Wednesday, January 25, 2012

Tomgram: William Astore, Confessions of a Recovering Weapons Addict | TomDispatch

Tomgram: William Astore, Confessions of a Recovering Weapons Addict | TomDispatch:

Perhaps you’ve heard of “Makin’ Thunderbirds,” a hard-bitten rock & roll song by Bob Seger that I listened to 30 years ago while in college. It’s about auto workers back in 1955 who were “young and proud” to be making Ford Thunderbirds. But in the early 1980s, Seger sings, “the plants have changed and you’re lucky if you work.” Seger caught the reality of an American manufacturing infrastructure that was seriously eroding as skilled and good-paying union jobs were cut or sent overseas, rarely to be seen again in these parts.

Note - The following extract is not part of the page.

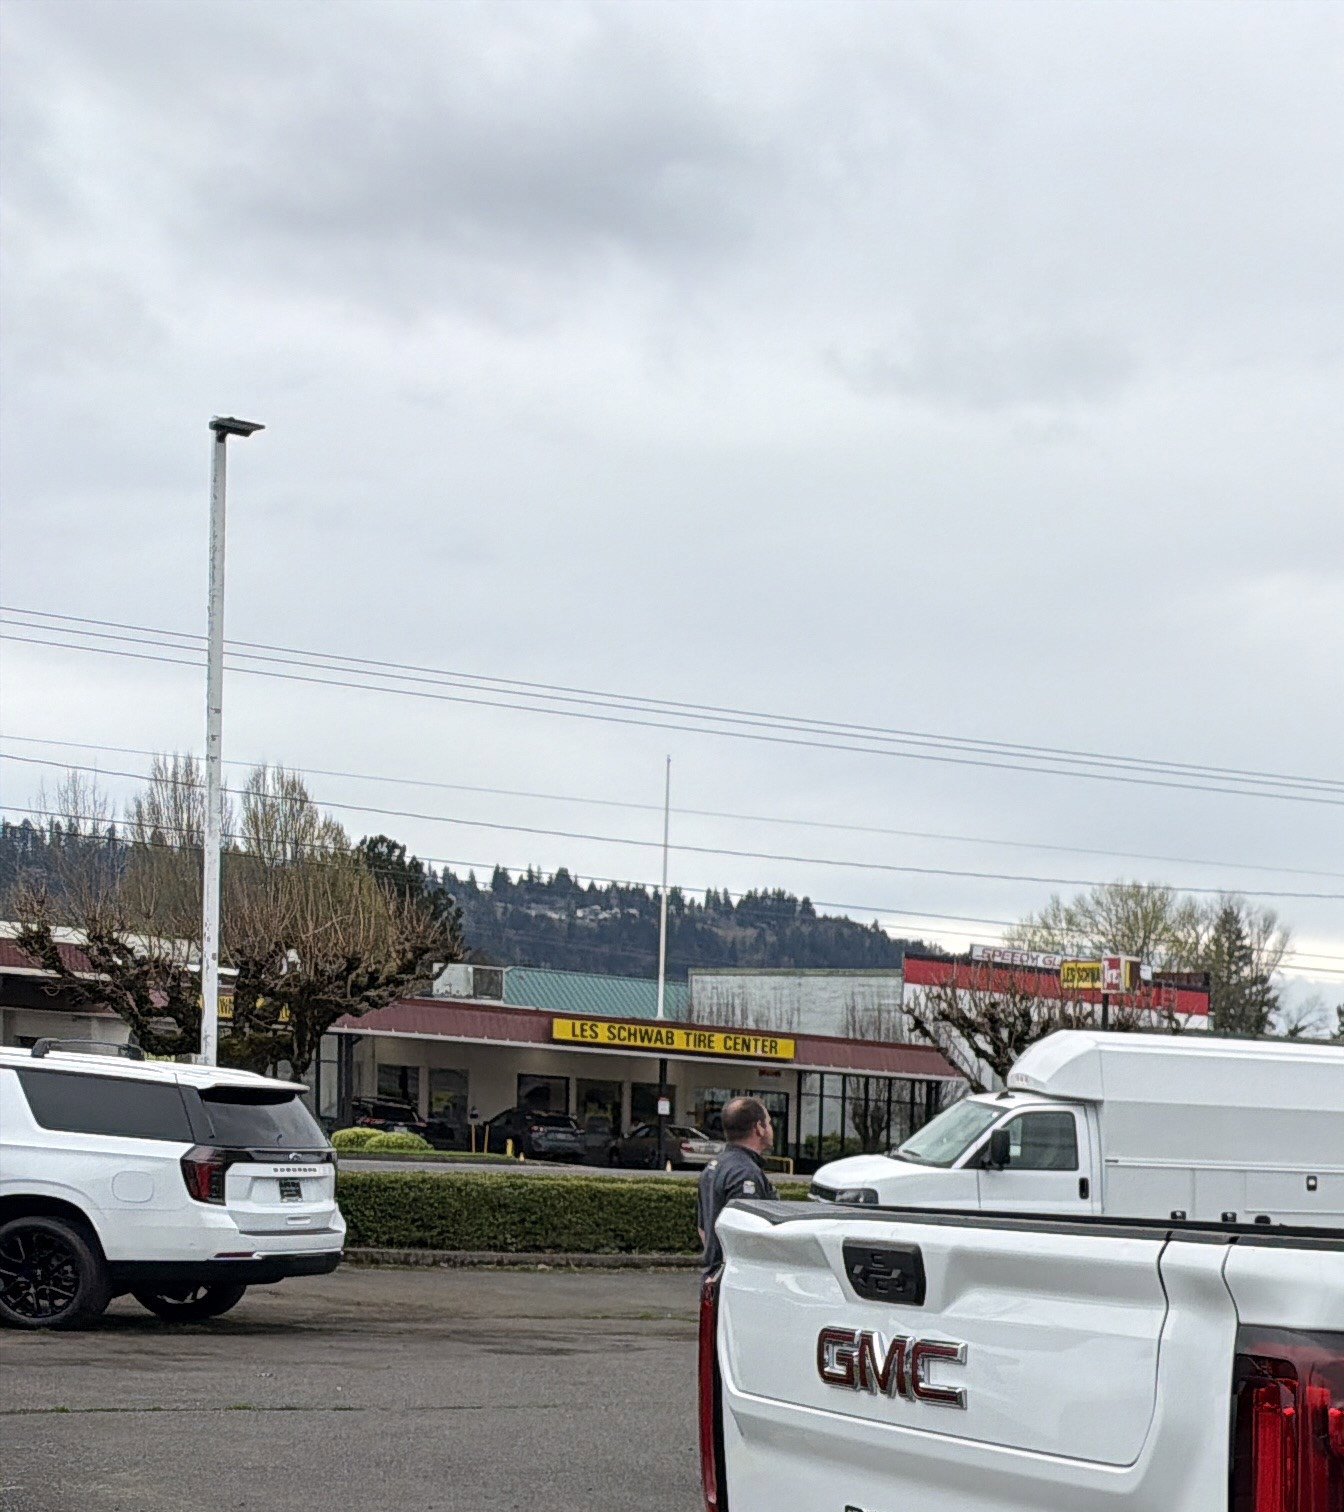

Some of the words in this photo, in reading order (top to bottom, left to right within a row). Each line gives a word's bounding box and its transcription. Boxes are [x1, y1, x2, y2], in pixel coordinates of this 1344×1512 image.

But today our manufacturing sector is famous for very different merchandise. Thunderbirds have become drones and predators and F14s and America supplies the world. Its our number one export.

Clearly, the U.S. has grabbed the brass ring of the global arms trade. When it comes to investing in militaries and weaponry, no country can match us. We are supreme. And despite talk of modest cuts to the Pentagon budget over the next decade, it will, according to President Obama, continue to grow, which means that in weapons terms the future remains bright. After all, Pentagon spending on research and development stands at $81.4 billion, accounting for an astonishing 55% of all federal spending on R&D and leaving plenty of opportunity to develop our next generation of wonder weapons.

But at what cost to ourselves and the rest of the world? We’ve become the suppliers of weaponry to the planet’s hotspots. And those weapons deliveries (and the training and support missions that go with them) tend to make those spots hotter still -- as in hot lead.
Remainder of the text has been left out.